> Your goal: Transcribe every record in full, keeping it exactly the same.

> Records for the exercise:

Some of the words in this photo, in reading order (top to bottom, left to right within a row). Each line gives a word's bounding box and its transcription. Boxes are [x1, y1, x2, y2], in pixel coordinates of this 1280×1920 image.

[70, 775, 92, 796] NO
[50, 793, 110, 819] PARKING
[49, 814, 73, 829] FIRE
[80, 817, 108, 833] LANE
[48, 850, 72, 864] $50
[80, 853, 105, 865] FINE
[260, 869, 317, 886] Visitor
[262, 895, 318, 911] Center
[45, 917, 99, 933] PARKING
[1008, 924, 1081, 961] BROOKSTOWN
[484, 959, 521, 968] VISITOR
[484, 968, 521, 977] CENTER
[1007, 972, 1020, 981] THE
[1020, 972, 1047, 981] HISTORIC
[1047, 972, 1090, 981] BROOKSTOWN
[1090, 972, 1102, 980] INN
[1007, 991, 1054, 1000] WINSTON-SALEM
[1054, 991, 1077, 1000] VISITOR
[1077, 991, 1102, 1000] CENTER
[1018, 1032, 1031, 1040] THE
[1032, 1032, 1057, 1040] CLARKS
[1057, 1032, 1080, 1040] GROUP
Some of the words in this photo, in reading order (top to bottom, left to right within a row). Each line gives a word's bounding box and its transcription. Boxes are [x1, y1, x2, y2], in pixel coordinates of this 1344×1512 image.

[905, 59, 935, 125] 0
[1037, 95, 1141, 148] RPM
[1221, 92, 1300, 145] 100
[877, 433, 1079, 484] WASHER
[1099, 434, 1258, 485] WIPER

> Finished exercise:
Some of the words in this photo, in reading order (top to bottom, left to right within a row). Each line gives a word's bounding box and its transcription. Boxes are [x1, y1, x2, y2], in pixel coordinates of this 1280×1920 image.

[70, 775, 92, 796] NO
[50, 793, 110, 819] PARKING
[49, 814, 73, 829] FIRE
[80, 817, 108, 833] LANE
[48, 850, 72, 864] $50
[80, 853, 105, 865] FINE
[260, 869, 317, 886] Visitor
[262, 895, 318, 911] Center
[45, 917, 99, 933] PARKING
[1008, 924, 1081, 961] BROOKSTOWN
[484, 959, 521, 968] VISITOR
[484, 968, 521, 977] CENTER
[1007, 972, 1020, 981] THE
[1020, 972, 1047, 981] HISTORIC
[1047, 972, 1090, 981] BROOKSTOWN
[1090, 972, 1102, 980] INN
[1007, 991, 1054, 1000] WINSTON-SALEM
[1054, 991, 1077, 1000] VISITOR
[1077, 991, 1102, 1000] CENTER
[1018, 1032, 1031, 1040] THE
[1032, 1032, 1057, 1040] CLARKS
[1057, 1032, 1080, 1040] GROUP
Some of the words in this photo, in reading order (top to bottom, left to right within a row). Each line gives a word's bounding box and its transcription. Boxes are [x1, y1, x2, y2], in pixel coordinates of this 1344×1512 image.

[905, 59, 935, 125] 0
[1037, 95, 1141, 148] RPM
[1221, 92, 1300, 145] 100
[877, 433, 1079, 484] WASHER
[1099, 434, 1258, 485] WIPER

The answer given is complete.